Let's think about how Google might have implemented this.
(1) Google already automatically classifies images, so it is reasonable to assume they would try to leverage / reuse their image classifiers.
(2) Since video is simply a bunch of still images, it is reasonable to assumed Google simply takes stills from the video and passes it to their existing (and trained) image classifiers.
(3) It is pointless to process every-single-frame in the video because that would be prohibitively expensive and there really isn't much change from frame to frame.

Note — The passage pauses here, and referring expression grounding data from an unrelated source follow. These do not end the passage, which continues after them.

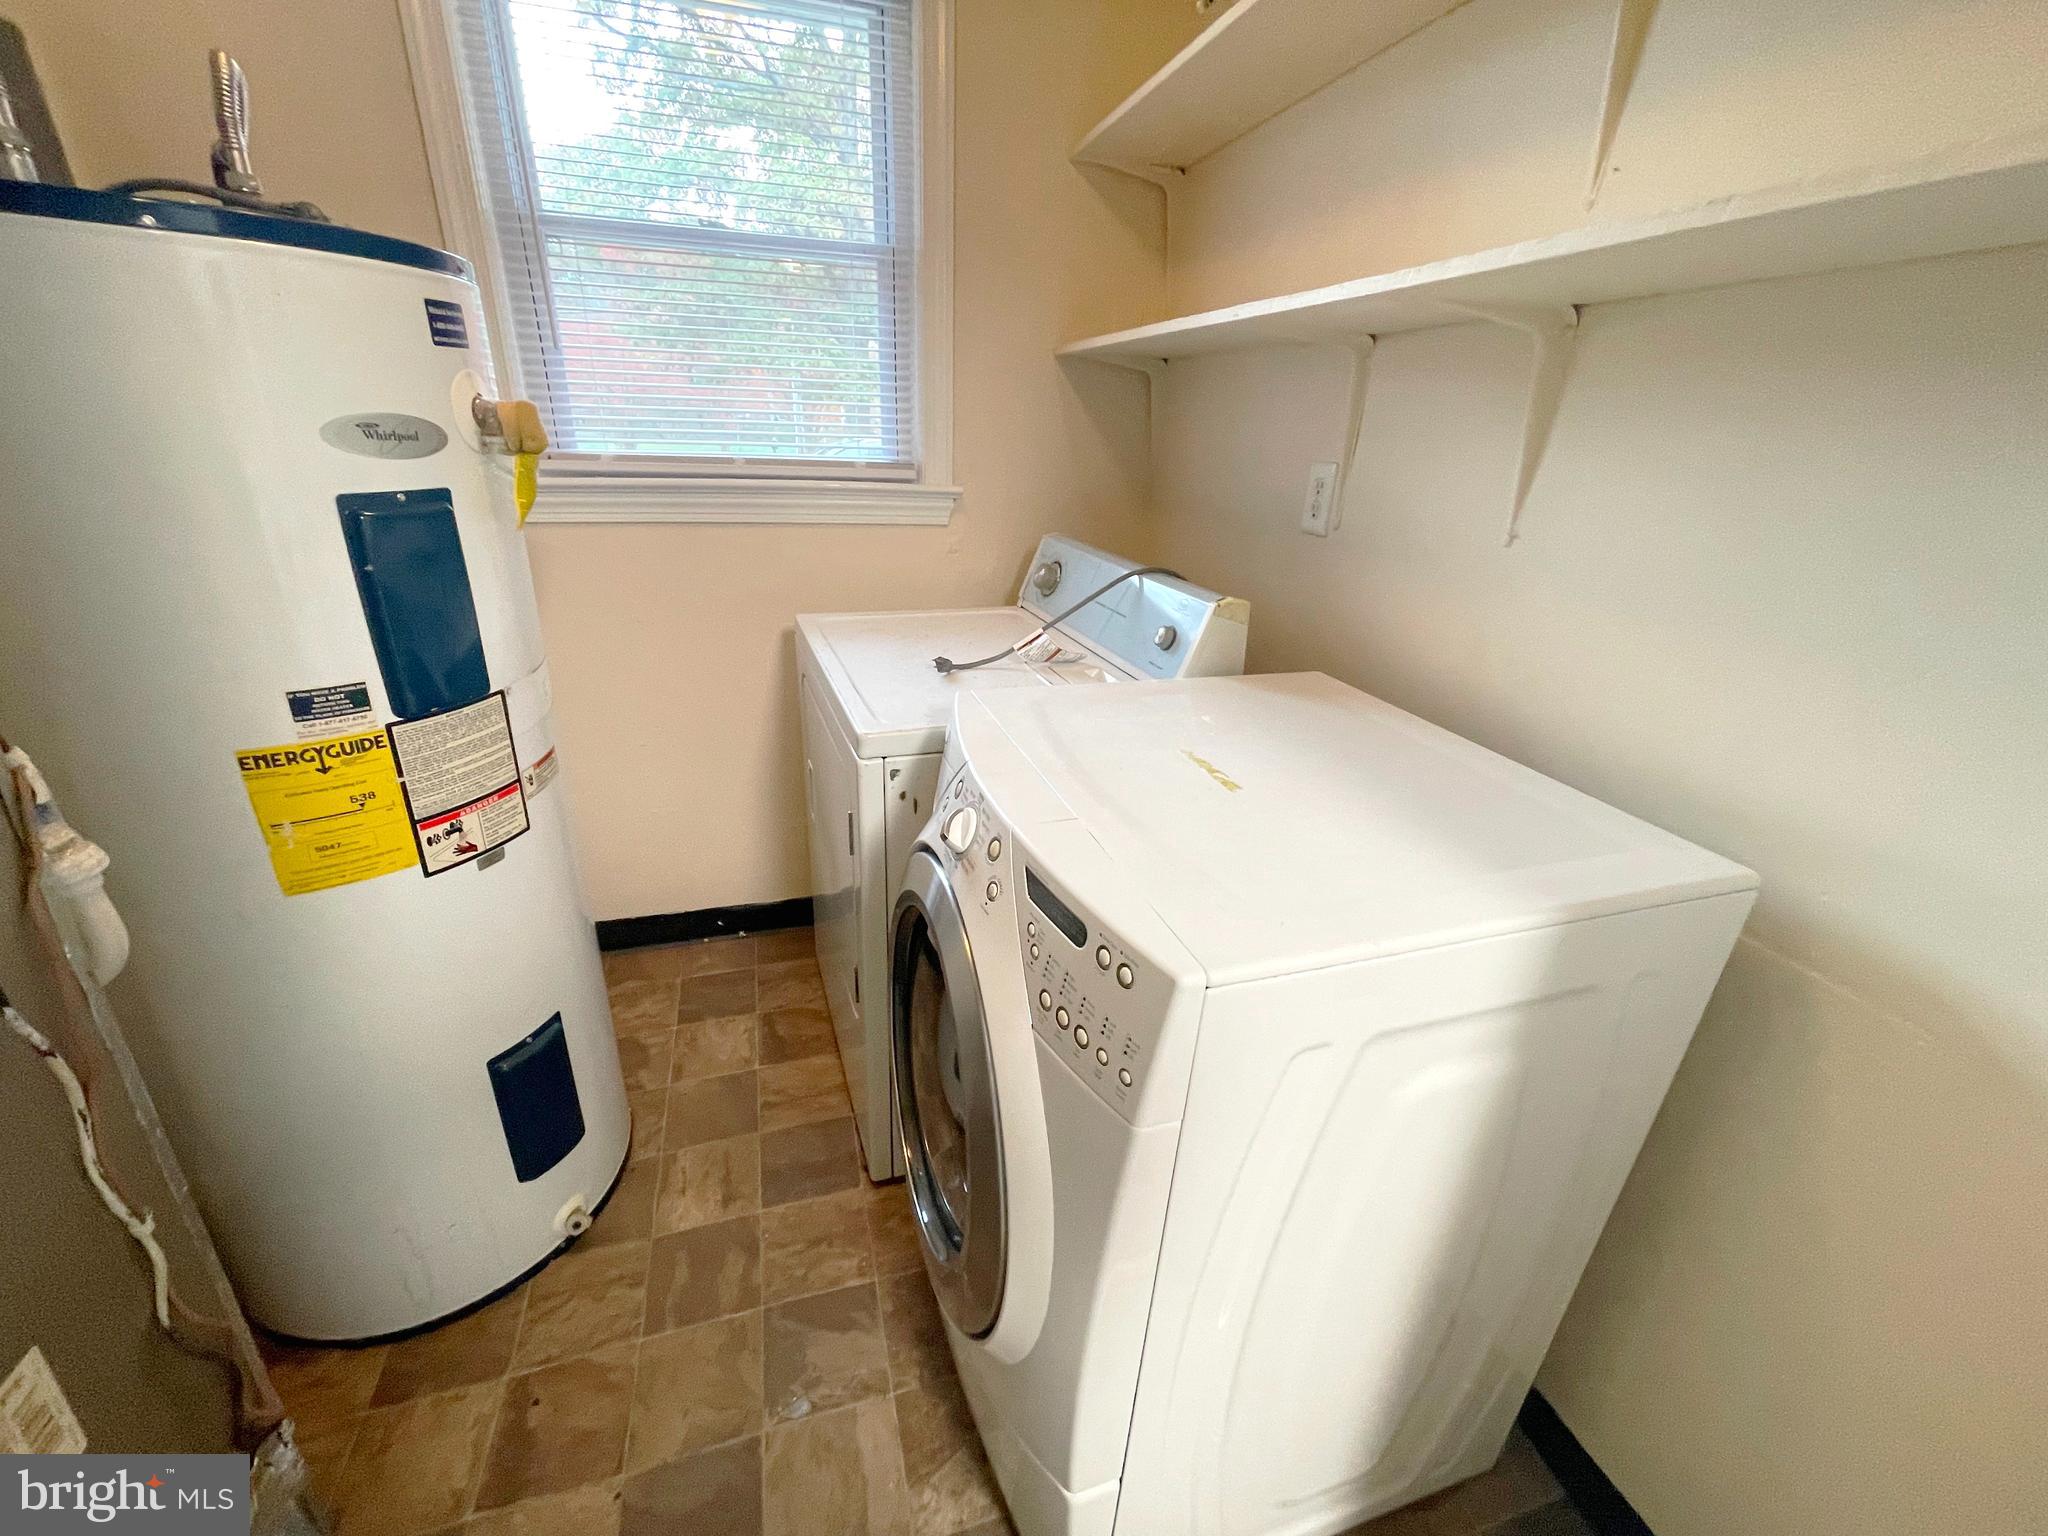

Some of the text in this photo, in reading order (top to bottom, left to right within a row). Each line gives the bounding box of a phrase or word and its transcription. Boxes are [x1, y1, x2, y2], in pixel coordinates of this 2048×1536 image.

[361, 429, 420, 444] Whirlpool
[327, 693, 345, 701] NOT
[237, 734, 388, 773] ENERGYGUIDE
[349, 791, 377, 804] 538
[465, 795, 499, 814] DANGER

(4) Google, probably, selects only the key frames (I-frames) for classification. (Depending on computation cost, Google may drop key frames if they are similar to other key frames - why classify the same, or very similar image, over and over again. Of course, this depends on whether image classification is more expensive than comparing two key frames).
(5) It should be obvious that every inserted image is an I-frame, so it WILL be classified.
(6) Google has some algorithm (or neural net) that tries to boil down the contents of a video (several thousands or millions of images) into a single classification. Clearly, if you have film walking about in a city, you will have cars, buildings, people, trees, etc. Google's classifier has to come back with a single answer. This is, probably, weighted by the confidence of the original classifications. Cars, buildings, laptops, and food plates probably have a higher level of classification confidence.
I imagine that Google will, over time, tweak the final classification to give more weight to duration of a single classification rather than confidence of classification (or perhaps some admixture of the two).
On the other hand, I could be blowing smoke since I have absolutely no idea how Google is doing this, but is the way I would approach it.
(A pint, because we could spend hours arguing over how this is or should be implemented - or even if it should be implemented at all.)